Excerpts from a dataset:
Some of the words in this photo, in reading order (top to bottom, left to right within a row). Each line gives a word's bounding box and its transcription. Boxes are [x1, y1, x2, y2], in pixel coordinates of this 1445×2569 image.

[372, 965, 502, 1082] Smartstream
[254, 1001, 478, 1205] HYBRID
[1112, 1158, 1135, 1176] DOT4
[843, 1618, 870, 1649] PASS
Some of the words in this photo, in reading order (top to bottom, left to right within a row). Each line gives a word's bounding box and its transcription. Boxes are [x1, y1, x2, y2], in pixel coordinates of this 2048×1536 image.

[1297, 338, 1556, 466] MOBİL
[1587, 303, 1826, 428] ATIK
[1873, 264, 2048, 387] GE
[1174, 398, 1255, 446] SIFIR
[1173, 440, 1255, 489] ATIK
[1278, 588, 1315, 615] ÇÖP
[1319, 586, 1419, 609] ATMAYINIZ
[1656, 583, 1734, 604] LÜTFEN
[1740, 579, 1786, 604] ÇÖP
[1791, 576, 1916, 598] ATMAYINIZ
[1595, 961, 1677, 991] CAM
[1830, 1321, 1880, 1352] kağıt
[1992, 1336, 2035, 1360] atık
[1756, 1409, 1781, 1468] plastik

◆ **What to produce**
Give back, unchanged, the line that holds "this 2048×1536 image." along with all lines after it through the last line above.

◆ **Response to this exercise**
Some of the words in this photo, in reading order (top to bottom, left to right within a row). Each line gives a word's bounding box and its transcription. Boxes are [x1, y1, x2, y2], in pixel coordinates of this 2048×1536 image.

[1297, 338, 1556, 466] MOBİL
[1587, 303, 1826, 428] ATIK
[1873, 264, 2048, 387] GE
[1174, 398, 1255, 446] SIFIR
[1173, 440, 1255, 489] ATIK
[1278, 588, 1315, 615] ÇÖP
[1319, 586, 1419, 609] ATMAYINIZ
[1656, 583, 1734, 604] LÜTFEN
[1740, 579, 1786, 604] ÇÖP
[1791, 576, 1916, 598] ATMAYINIZ
[1595, 961, 1677, 991] CAM
[1830, 1321, 1880, 1352] kağıt
[1992, 1336, 2035, 1360] atık
[1756, 1409, 1781, 1468] plastik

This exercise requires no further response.